EXERCISE DIRECTIONS ->
Your task is to copy the listing exactly, with the pictures left out.

SOURCE RECORDS ->
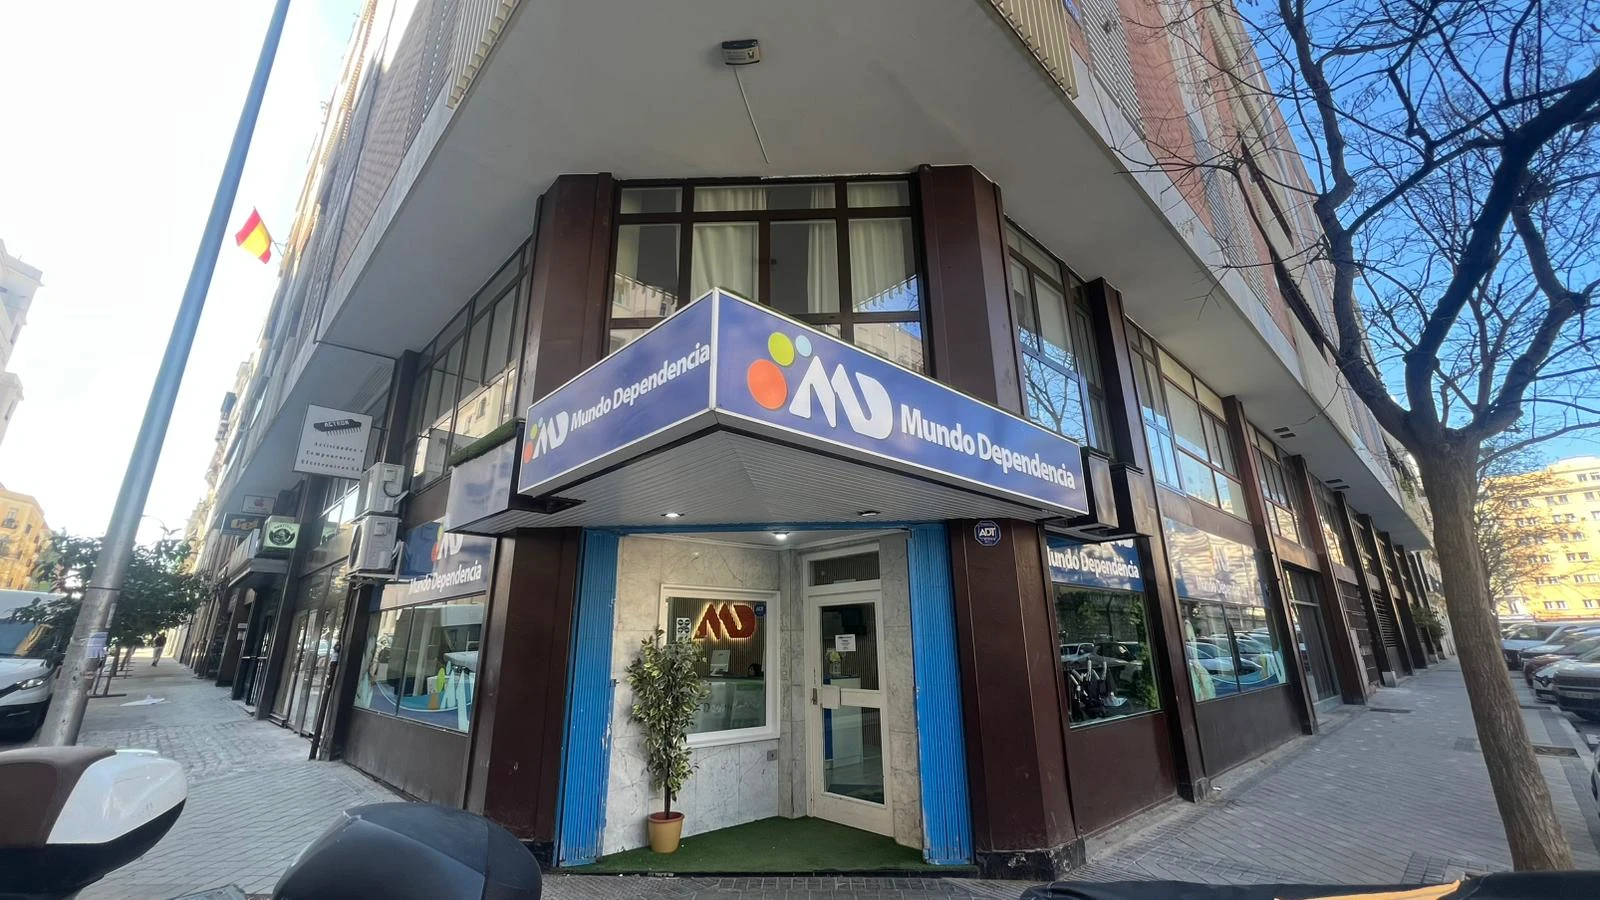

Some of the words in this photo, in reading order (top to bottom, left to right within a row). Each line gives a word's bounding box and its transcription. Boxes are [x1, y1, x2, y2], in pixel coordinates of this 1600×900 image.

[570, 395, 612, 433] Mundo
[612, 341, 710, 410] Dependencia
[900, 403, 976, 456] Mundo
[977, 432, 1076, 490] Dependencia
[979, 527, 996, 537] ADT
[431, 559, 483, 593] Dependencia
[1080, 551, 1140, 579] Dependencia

RESPONSE AREA ->
Some of the words in this photo, in reading order (top to bottom, left to right within a row). Each line gives a word's bounding box and its transcription. Boxes are [x1, y1, x2, y2], in pixel coordinates of this 1600×900 image.

[570, 395, 612, 433] Mundo
[612, 341, 710, 410] Dependencia
[900, 403, 976, 456] Mundo
[977, 432, 1076, 490] Dependencia
[979, 527, 996, 537] ADT
[431, 559, 483, 593] Dependencia
[1080, 551, 1140, 579] Dependencia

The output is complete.